(Aim of the task): From the first line to the last, write out the records below exactly as they appear.

(Source material):
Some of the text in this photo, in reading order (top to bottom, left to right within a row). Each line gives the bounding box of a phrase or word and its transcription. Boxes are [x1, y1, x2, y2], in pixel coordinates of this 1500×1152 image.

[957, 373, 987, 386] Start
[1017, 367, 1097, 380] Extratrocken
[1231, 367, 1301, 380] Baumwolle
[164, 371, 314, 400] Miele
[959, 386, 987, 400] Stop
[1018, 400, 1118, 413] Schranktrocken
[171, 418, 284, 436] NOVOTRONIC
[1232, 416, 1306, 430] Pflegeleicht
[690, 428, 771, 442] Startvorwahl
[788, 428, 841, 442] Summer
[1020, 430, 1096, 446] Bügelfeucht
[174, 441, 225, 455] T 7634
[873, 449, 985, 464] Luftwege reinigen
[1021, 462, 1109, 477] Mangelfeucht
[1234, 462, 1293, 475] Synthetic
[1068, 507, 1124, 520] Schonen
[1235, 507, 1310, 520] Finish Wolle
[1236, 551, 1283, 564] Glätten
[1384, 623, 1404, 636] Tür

(Completed task):
Some of the text in this photo, in reading order (top to bottom, left to right within a row). Each line gives the bounding box of a phrase or word and its transcription. Boxes are [x1, y1, x2, y2], in pixel coordinates of this 1500×1152 image.

[957, 373, 987, 386] Start
[1017, 367, 1097, 380] Extratrocken
[1231, 367, 1301, 380] Baumwolle
[164, 371, 314, 400] Miele
[959, 386, 987, 400] Stop
[1018, 400, 1118, 413] Schranktrocken
[171, 418, 284, 436] NOVOTRONIC
[1232, 416, 1306, 430] Pflegeleicht
[690, 428, 771, 442] Startvorwahl
[788, 428, 841, 442] Summer
[1020, 430, 1096, 446] Bügelfeucht
[174, 441, 225, 455] T 7634
[873, 449, 985, 464] Luftwege reinigen
[1021, 462, 1109, 477] Mangelfeucht
[1234, 462, 1293, 475] Synthetic
[1068, 507, 1124, 520] Schonen
[1235, 507, 1310, 520] Finish Wolle
[1236, 551, 1283, 564] Glätten
[1384, 623, 1404, 636] Tür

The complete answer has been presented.